Protests in Sulaymaniyah on December 18, 2017 (Feriq Fereç/Anadolu Agency)

In an article for Foreign Policy just before the Kurdish independence referendum, Bernard-Henry Lévy wrote that the Kurdistan Region of Iraq is, “a secular and democratic friend of the West with an elected parliament and free press.” When Lévy wrote these words, the Kurdistan Region’s parliament had been inactive for 2 years, and two months later the Kurdistan Regional Government (KRG) would be cracking down on protests and arresting opposition politicians, journalists and activists across the province of Sulaymaniyah. The suppression on freedom of speech and illegal arrests by the KRG has made it more difficult for the federal government of Iraq to revive relations with the KRG, forcing Prime Minister Haider Al-Abadi to look at other options.

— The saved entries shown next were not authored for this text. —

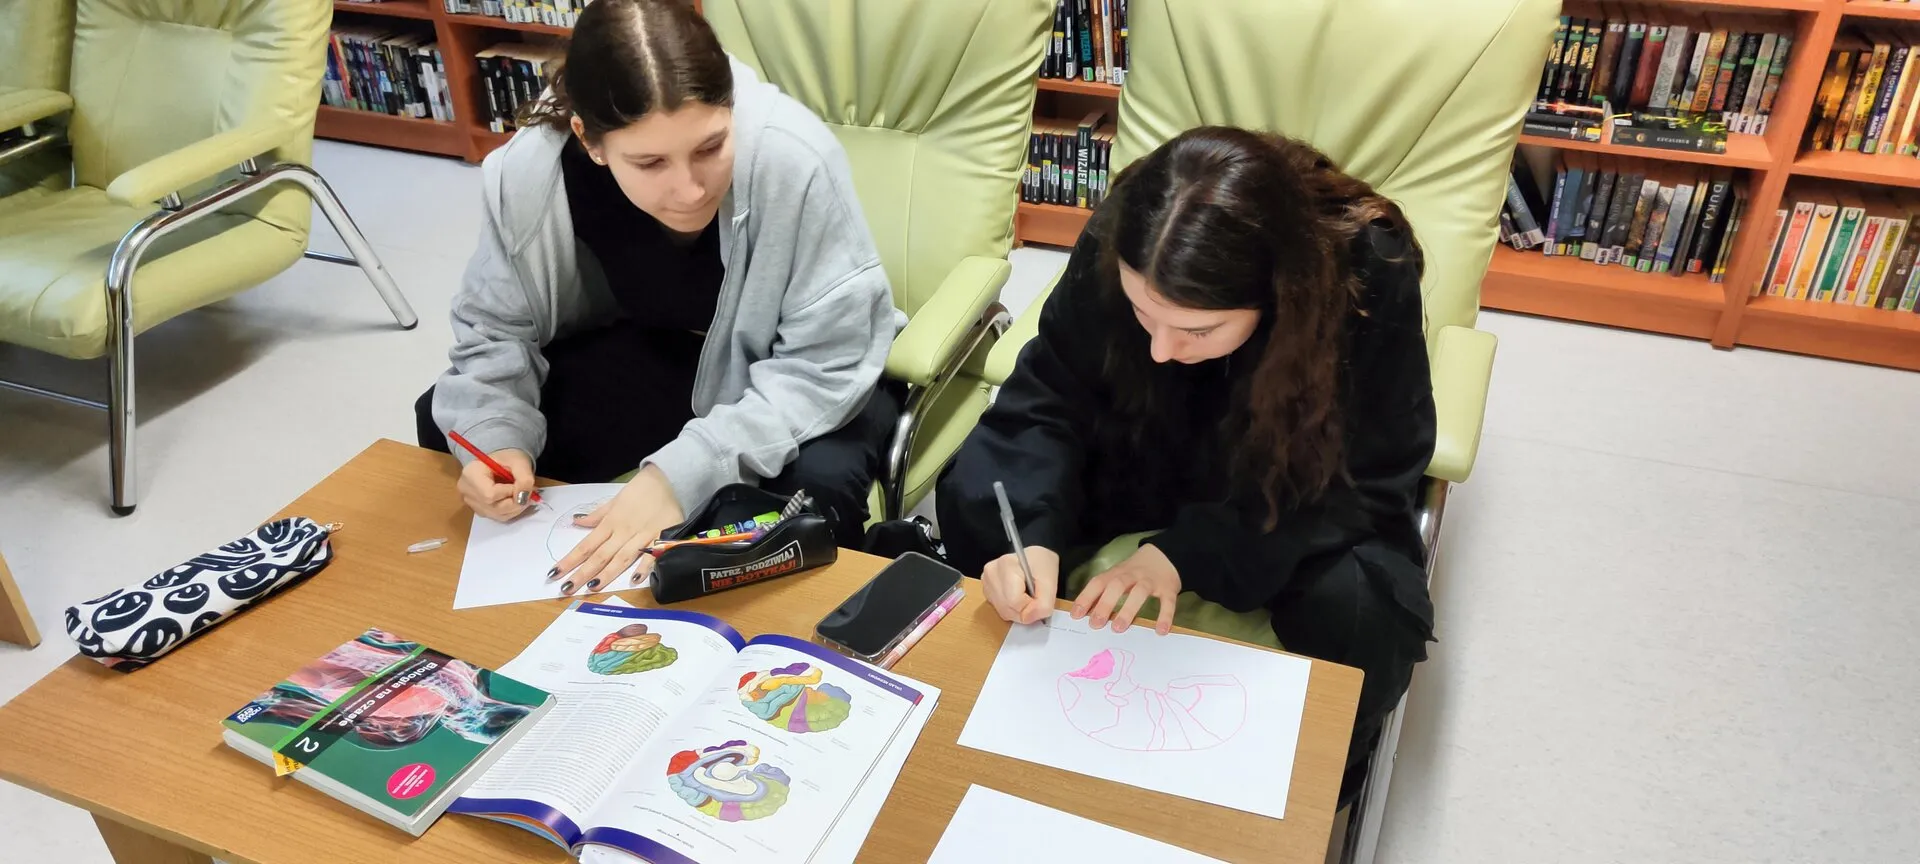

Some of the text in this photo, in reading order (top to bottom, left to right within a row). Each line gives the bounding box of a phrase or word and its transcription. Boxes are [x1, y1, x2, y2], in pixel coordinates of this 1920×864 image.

[1077, 148, 1088, 185] WIZJER
[1702, 184, 1724, 229] DUKAJ
[709, 548, 795, 580] PATRZ, PODZIWIAJ
[711, 559, 796, 590] NIE DOTYKAJ!
[392, 662, 438, 689] Biologia
[375, 688, 393, 700] na
[236, 706, 254, 720] era
[240, 706, 262, 723] nowa
[338, 699, 376, 727] czasie
[295, 736, 320, 753] 2

For a long time, independent Kurdish activists complained about restrictions on freedom of speech in the Region and the excessive use of force against those who dare challenge the two dominant Kurdish parties, the Kurdistan Democratic Party (KDP) and the Patriotic Union of Kurdistan (PUK), with their calls being ignored. The dominant discourse was that of faux intellectuals such as Lévy singing praise of the KRG as an “oasis of freedom.” But this rhetoric proved to be misleading and detached from reality. Security forces loyal to the Kurdish parties have killed at least six protesters who were demanding the resignation of the KRG. The rallies began on December 18, 2017 when protesters attacked the headquarters of the Region’s political parties and a building of the security services in Sulaymaniyah. Protesters marched against government corruption, delayed salary payments and the authorities’ failure to provide basic services – all legitimate and defensible grievances.

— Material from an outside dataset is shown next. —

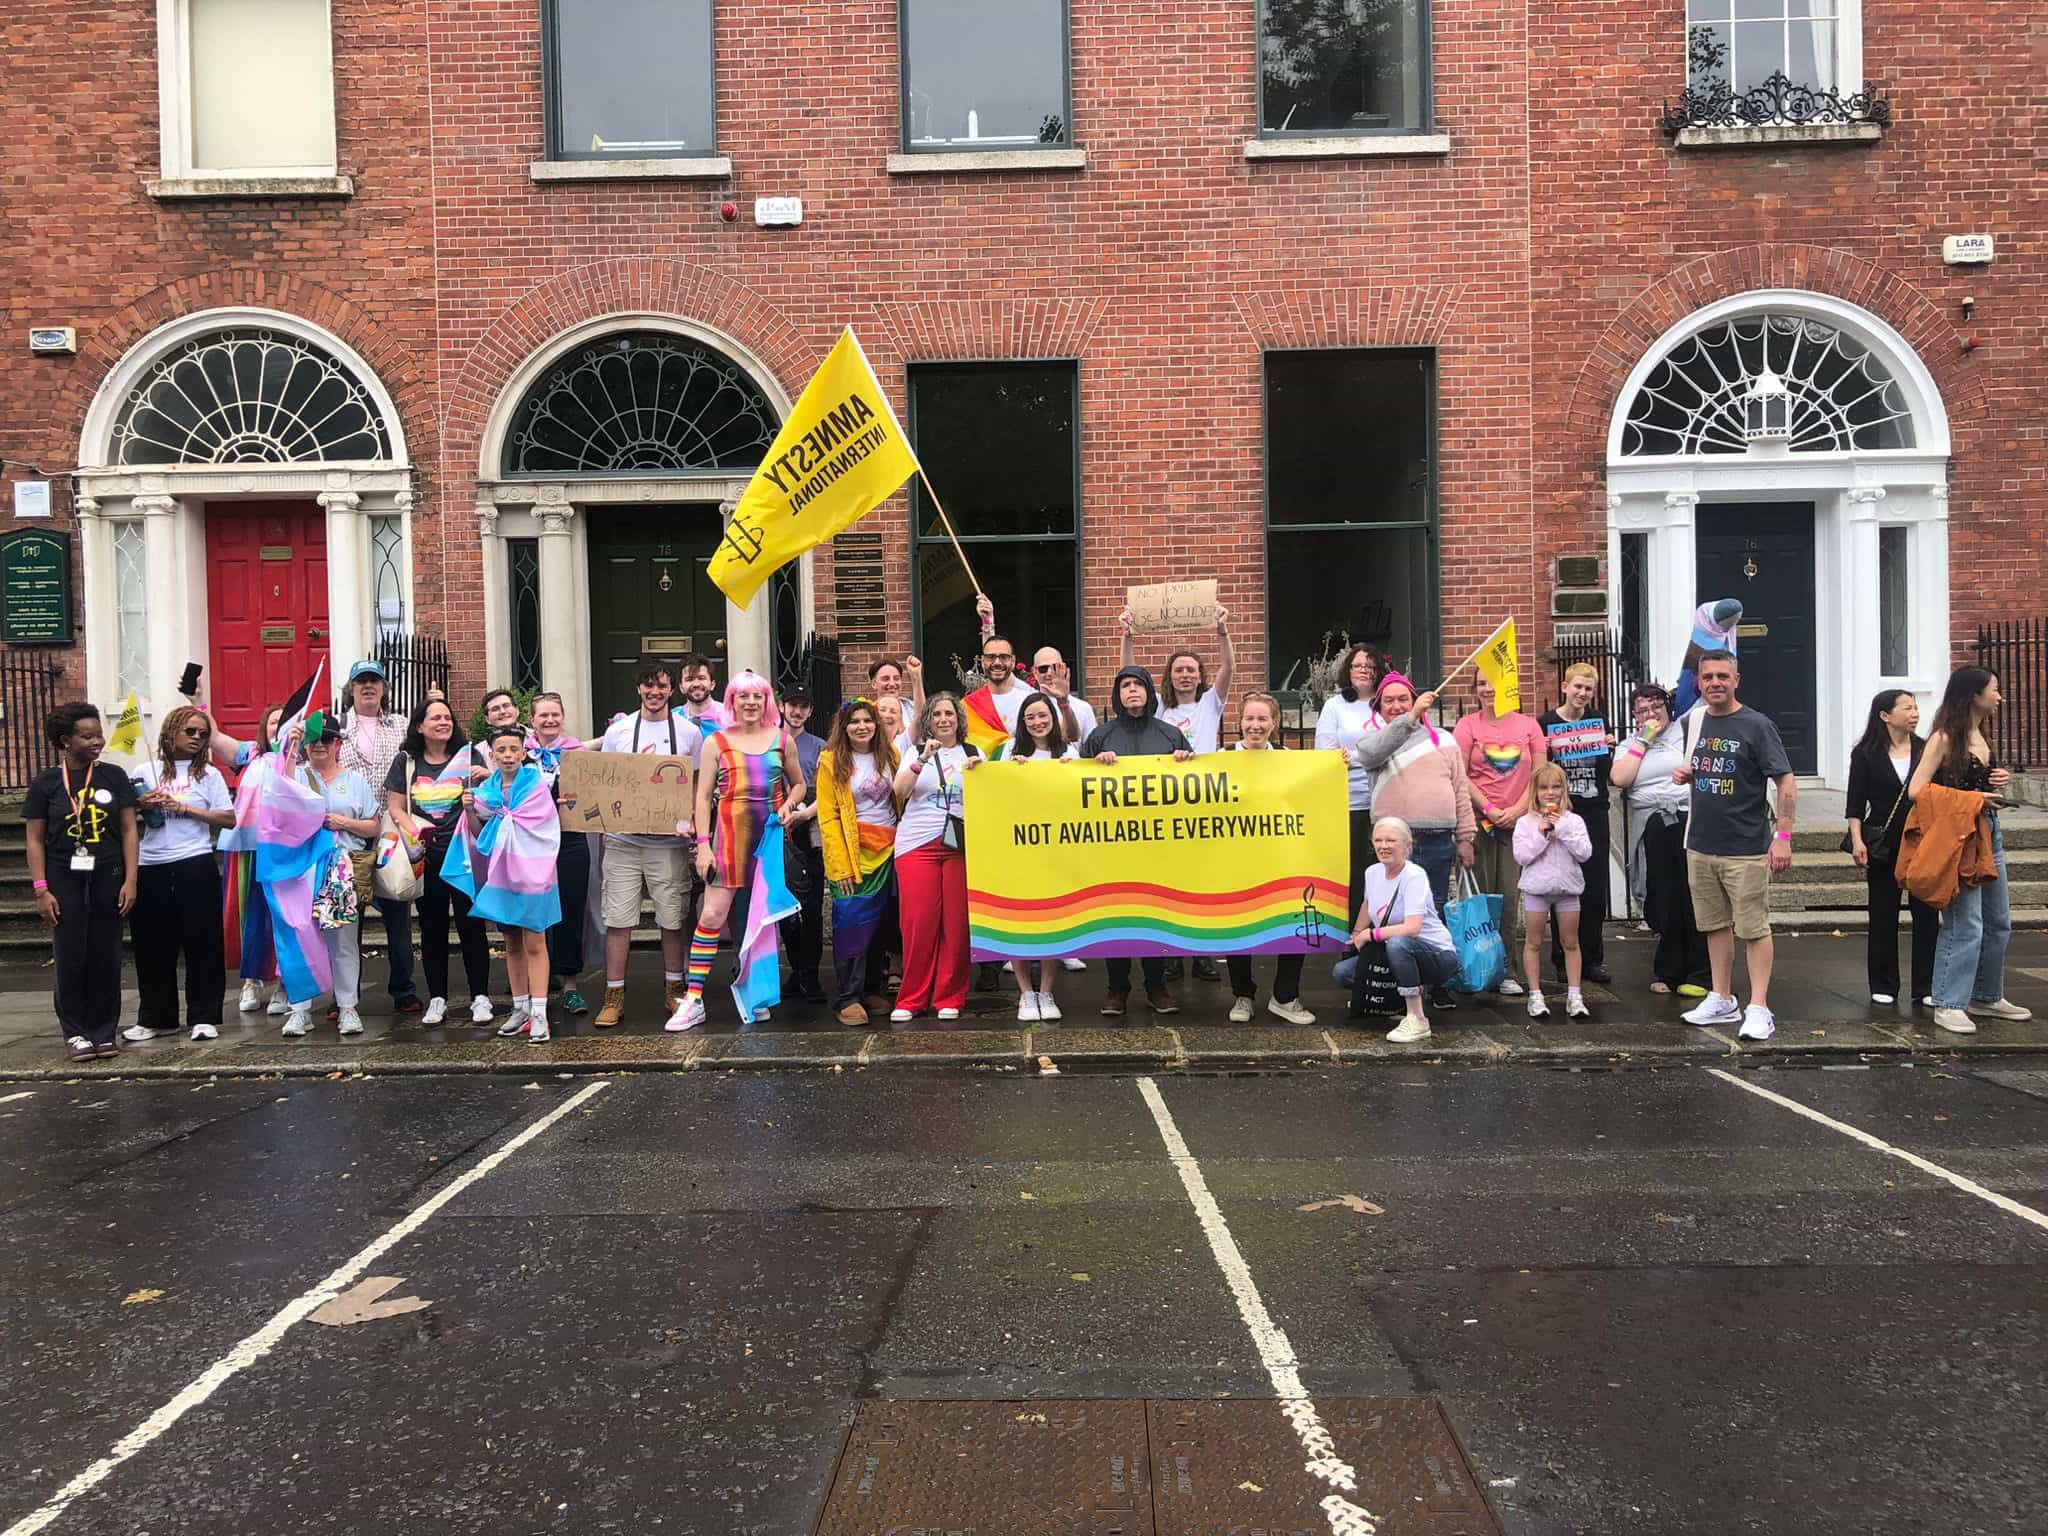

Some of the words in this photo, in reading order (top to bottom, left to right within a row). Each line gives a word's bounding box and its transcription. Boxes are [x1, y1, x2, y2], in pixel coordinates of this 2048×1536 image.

This is not the first time the KRG has faced heated protests from disenfranchised citizens, there have been demonstrations against the government in 2011, 2015 and once again in late 2017 as the future looks grim for the Kurdistan Region. Kurdish citizens are looking to their Iraqi brethren outside the Region and despite facing the same economic crises from low oil prices and increased costs accumulated from the war effort, salaries of public servants continue to be paid while theirs have not. With payment of salaries being met and improved security throughout the rest of Iraq, Kurdish citizens are feeling more burdened with a semi-autonomous region led by two tribal dynasties instead of actual benefits to self-rule.

Kurdish citizens have reached their limit once again but this time Kurds are calling on Baghdad for support. During demonstrations, some Kurdish protestors called on Abadi for assistance and one Kurdish activist interviewed demanded that Abadi come to the Kurdistan Region to fix the problem, claiming “70% of the citizens in Kurdistan Region would welcome Abadi to fix their issues”. It is no coincidence that the change in the rest of Iraq and Abadi’s inclusive rhetoric towards all Iraqis has encouraged Kurds to request support from Baghdad. KRG failure to govern and provide for citizens with the millions from oil sales made independent of Baghdad’s provision has diminished the KRG’s credibility.

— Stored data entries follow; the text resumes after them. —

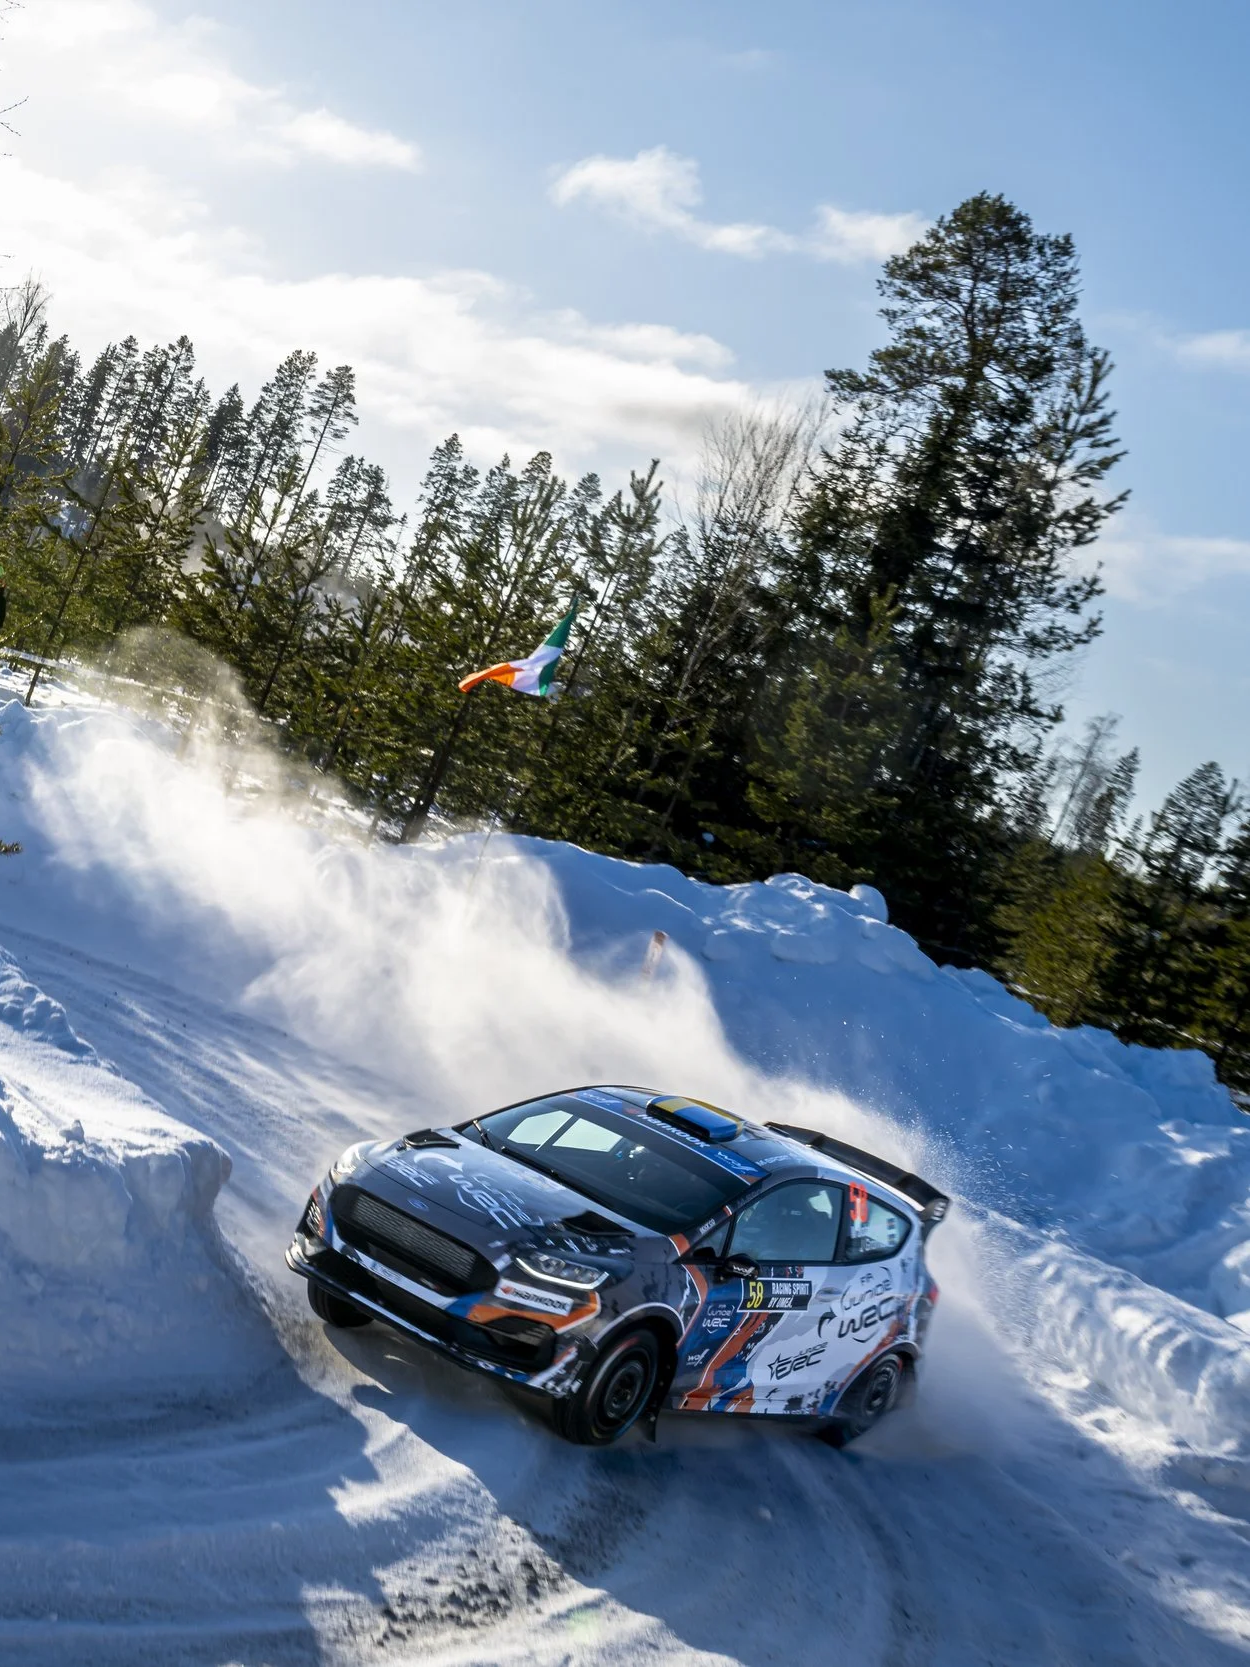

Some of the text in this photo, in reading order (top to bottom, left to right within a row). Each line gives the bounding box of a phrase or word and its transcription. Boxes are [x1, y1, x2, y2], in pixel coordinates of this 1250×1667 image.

[448, 1174, 522, 1230] WRC
[747, 1281, 764, 1308] 58
[771, 1282, 810, 1296] RACING SPIRIT
[767, 1297, 778, 1308] BY
[702, 1318, 730, 1327] WRC
[837, 1296, 897, 1338] WRC

It seems that their desperate pursuit for freedom and their loathing for corruption and the corrupt unite Iraqi Kurds. Do not be surprised if one day all of Iraq is protesting at once whether in Basra, Baghdad, Sulaymaniyah or Erbil. Iraq is not homogeneous, but it is united in its demand for a better Iraq. Protests in Baghdad have already begun in retaliation to the KRG’s closing of NRT TV as Iraqis share a common belief in freedom of speech as the days of suppressed media under the previous Ba’athist regime remain in the back of their memory.

In 2015 Baghdad could be excused for not intervening in the Kurdish protests as the focus of the federal government was on the war against ISIS. However, now that the war is officially over, Abadi needs to respond to the demands of Iraqi citizens in the Kurdistan Region because the KRG is not responding other than by force and has lost all credibility as a result of recent protest crackdowns, media shutdown and kidnappings. Therefore, Abadi needs to empower opposition parties like Gorran who now hold the governorship of Sulaymaniyah. Bypassing the KRG by giving Sulaymaniyah’s share of the federal budget directly would empower the province of Sulaymaniyah and could assist the new governor to meet the demands of Kurdish citizens and would weaken the KDP and PUK’s grip over the Kurdistan Region, which could help halt KRG abuses. Citizens of Erbil and Duhok may also demand a more direct relationship with Baghdad if the one with Sulaymaniyah flourishes.

The direct payment from Baghdad towards provincial governments in the Kurdistan Region would strengthen the strategy the Abadi administration has already started by directly providing salaries to KRG ministries such as the Ministry of Water Resources. Baghdad is now auditing the Ministries of Education and Health. Kurdish activists are welcoming this strategy and it will strengthen Iraqi self-identification throughout the Kurdistan Region if direct payments of salaries and budgets are provided to all levels of government from Baghdad.

Hamzeh Hadad

Hamzeh Hadad

Hamzeh Hadad is an Iraqi writer and commentator. He is currently a Master of Arts candidate at the Norman Paterson School of International Affairs.